Monday, 5 December 2016

Why Abortion is So Controversial

by Katie O'Flaherty

As it has been for longer than living memory, abortion is still a topic hotly debated by many, some questioning the ethics of the decisions, others looking for answers through science. And now, with Donald Trump publicly stating that he would de-fund the charity Planned Parenthood, due to his 'pro-life' beliefs, putting an ever more political spin on the debate. 

Over the years, it seems the primary contenders in this debate are the scientists, against a significant proportion of religious people. And even these 'sides' are not as black and white as they seem. A number of scientists disagree with the principles of abortion, and a large number of religious people also believe in the freedom of the individual to choose. 

In the UK, it is legal to have an abortion up until 24 weeks, yet many argue it is too late, as 'on a different floor of a hospital, a premature baby can be saved at a younger age than 24 weeks'. Then arises the question of when life really begins. Is it when the egg is first fertilised, or after the zygote has formed, or only during birth? And science hasn't provided a solid answer to this question, giving even more scope for debate.

On top of these other questions, the circumstances can drastically alter how many people view the morality of the abortion. Many abortions take place after rape, or if the parents would not be able to fully provide for the child due to health problems. Furthermore, many people would consider an abortion if they found out, before birth, that their child would have a debilitating disease, which may prohibit their quality of life, or limit their lifetime.
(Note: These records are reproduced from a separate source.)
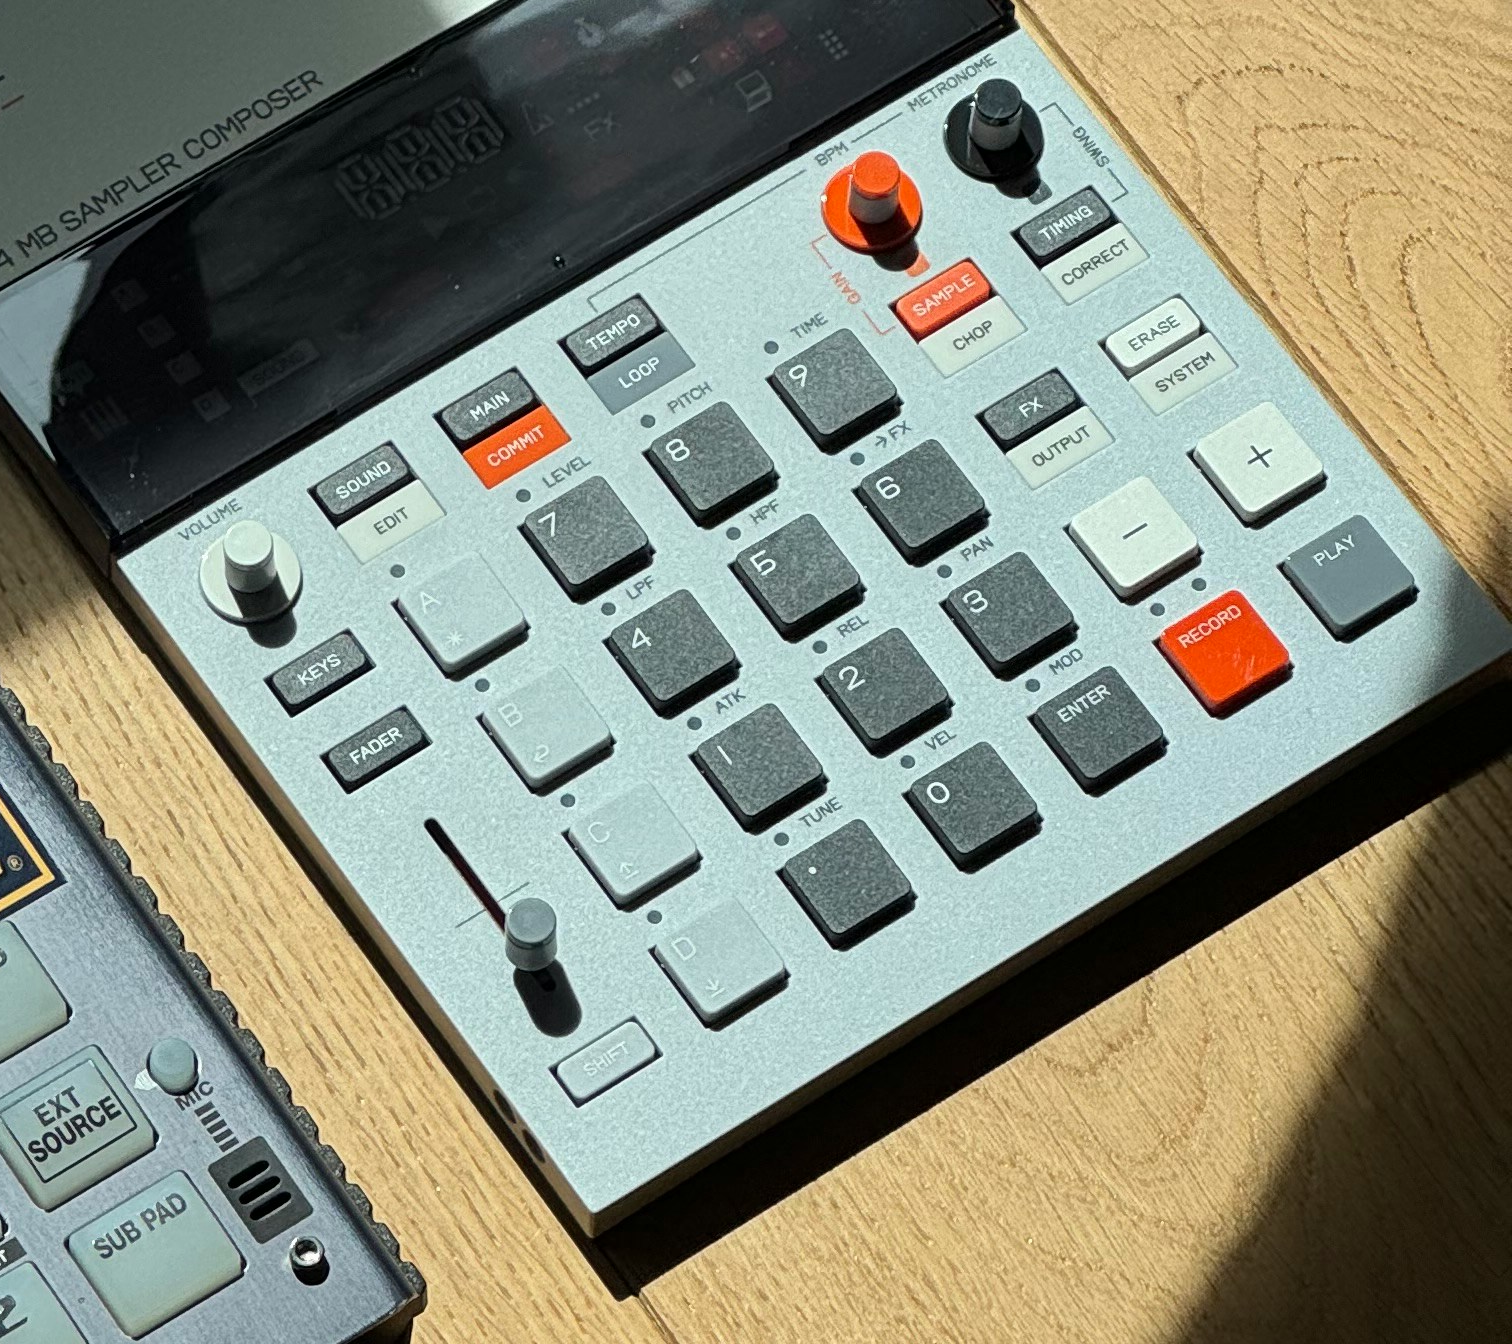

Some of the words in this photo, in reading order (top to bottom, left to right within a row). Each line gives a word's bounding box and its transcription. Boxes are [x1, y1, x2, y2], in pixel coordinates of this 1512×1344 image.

[906, 52, 998, 113] METRONOME
[13, 220, 60, 258] MB
[56, 149, 183, 234] SAMPLER
[178, 66, 325, 162] COMPOSER
[813, 141, 849, 167] BPM
[1070, 124, 1111, 169] SWING
[1038, 203, 1094, 243] TIMING
[1060, 237, 1133, 287] CORRECT
[829, 269, 863, 306] GAIN
[911, 272, 977, 318] SAMPLE
[585, 311, 643, 352] TEMPO
[789, 311, 829, 340] TIME
[950, 319, 997, 353] CHOP
[1127, 313, 1182, 353] ERASE
[617, 355, 664, 390] LOOP
[1153, 350, 1216, 394] SYSTEM
[468, 390, 511, 421] MAIN
[666, 380, 713, 414] PITCH
[1018, 396, 1045, 419] FX
[485, 424, 548, 468] COMMIT
[665, 436, 691, 463] 8
[1030, 424, 1093, 468] OUTPUT
[334, 459, 393, 500] SOUND
[541, 453, 592, 489] LEVEL
[176, 497, 243, 543] VOLUME
[372, 506, 412, 536] EDIT
[751, 550, 777, 576] 5
[960, 535, 995, 562] PAN
[1312, 533, 1358, 567] PLAY
[1177, 603, 1243, 650] RECORD
[296, 652, 343, 686] KEYS
[1048, 647, 1086, 676] MOD
[1056, 683, 1112, 724] ENTER
[348, 725, 404, 765] FADER
[799, 796, 844, 830] TUNE
[582, 1040, 632, 1078] SHIFT
[32, 1085, 85, 1128] EXT
[25, 1095, 123, 1165] SOURCE
[90, 1218, 144, 1261] SUB
[138, 1190, 190, 1232] PAD
And many others choose abortions because of an unexpected pregnancy, unplanned for, but which many argue that they could cope with relatively easily. 
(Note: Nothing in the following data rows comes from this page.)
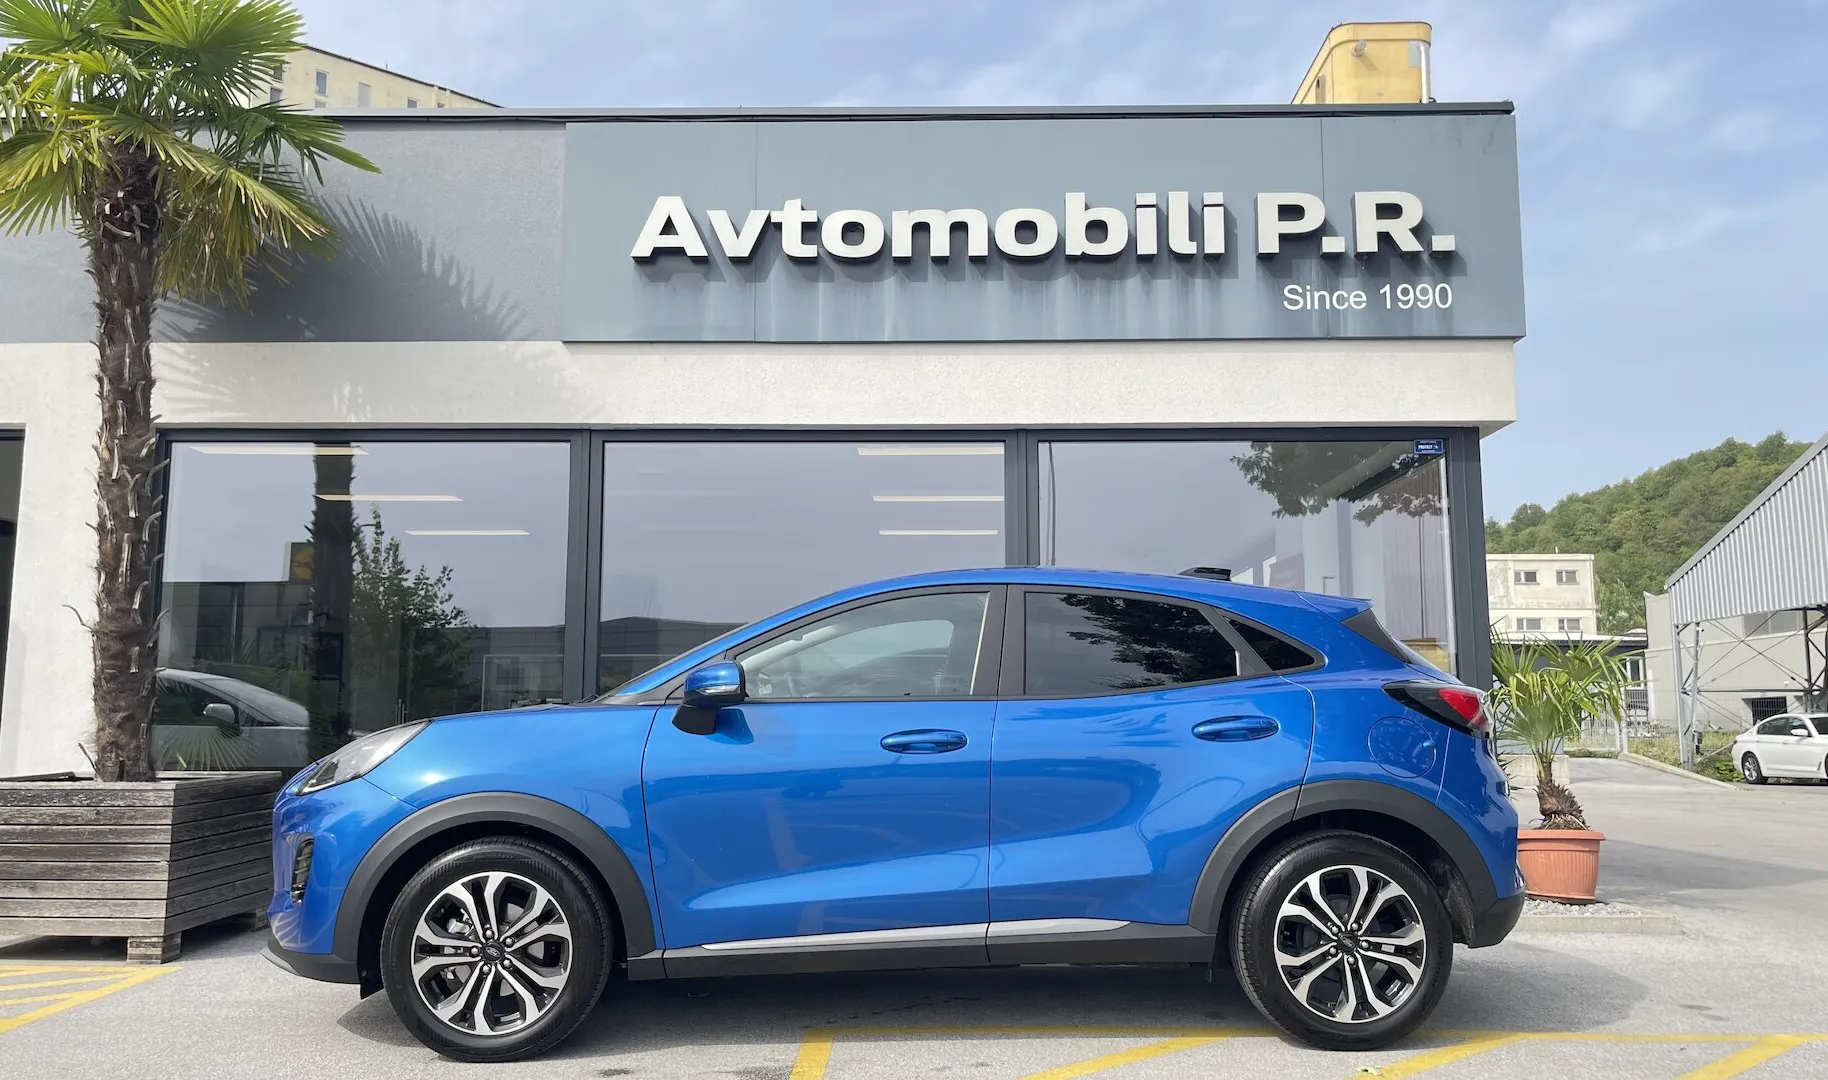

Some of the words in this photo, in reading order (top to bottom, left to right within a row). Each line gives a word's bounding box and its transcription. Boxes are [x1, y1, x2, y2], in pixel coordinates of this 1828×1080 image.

[629, 191, 1225, 259] Avtomobili
[1256, 190, 1457, 254] P.R.
[1282, 283, 1367, 311] Since
[1379, 282, 1454, 310] 1990
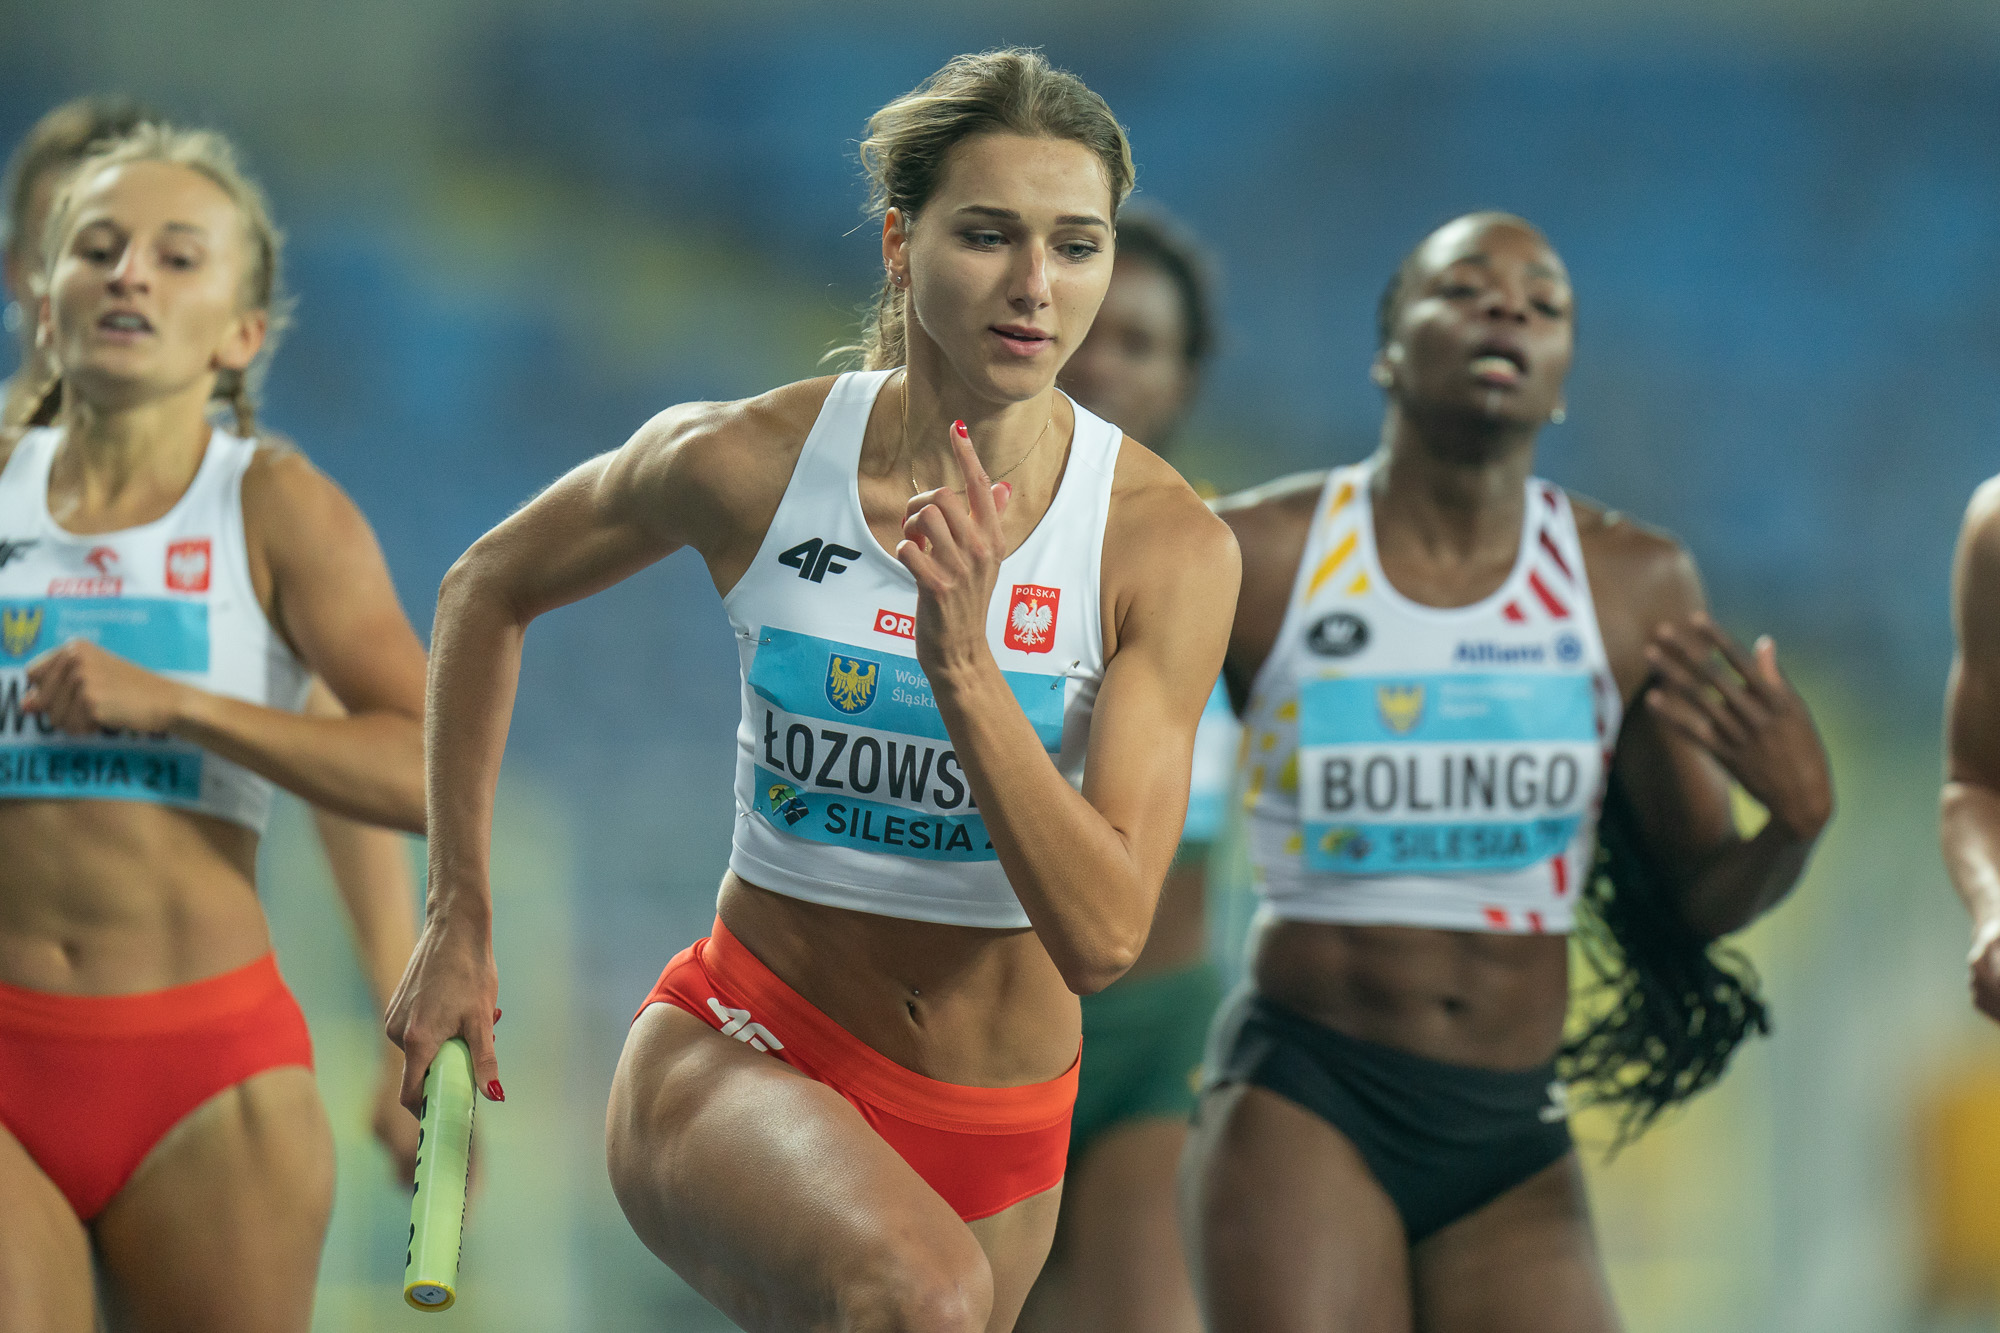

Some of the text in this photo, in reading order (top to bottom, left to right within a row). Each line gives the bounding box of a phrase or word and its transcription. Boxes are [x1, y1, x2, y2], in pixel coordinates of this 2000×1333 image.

[778, 537, 862, 583] 4F
[1015, 587, 1057, 599] POLSKA
[880, 614, 916, 637] OR
[764, 709, 979, 810] ŁOZOWS
[1321, 753, 1580, 813] BOLINGO
[825, 803, 974, 852] SILESIA
Many of these questions can only be answered by individuals, using their own principles and moral compass to find the solution right for them. Therefore, the problem lies in trying to achieve an agreement, as to what can be done 'normally'. Not only this, but many feel it to be their 'duty' to force their own opinions on other people, whose circumstances they have never experienced, and likely cannot understand. And much as many people believe their moral compass is the sole way forward for both them and all who come into contact with them, the likelihood of them understanding the emotional complexities of the situation, and their lack of respect for each person's freedom to make their own decision, is a disrespect that not only generalises so many unique, and sometimes painful, situations, but also partially violates a human's right to make their own decisions.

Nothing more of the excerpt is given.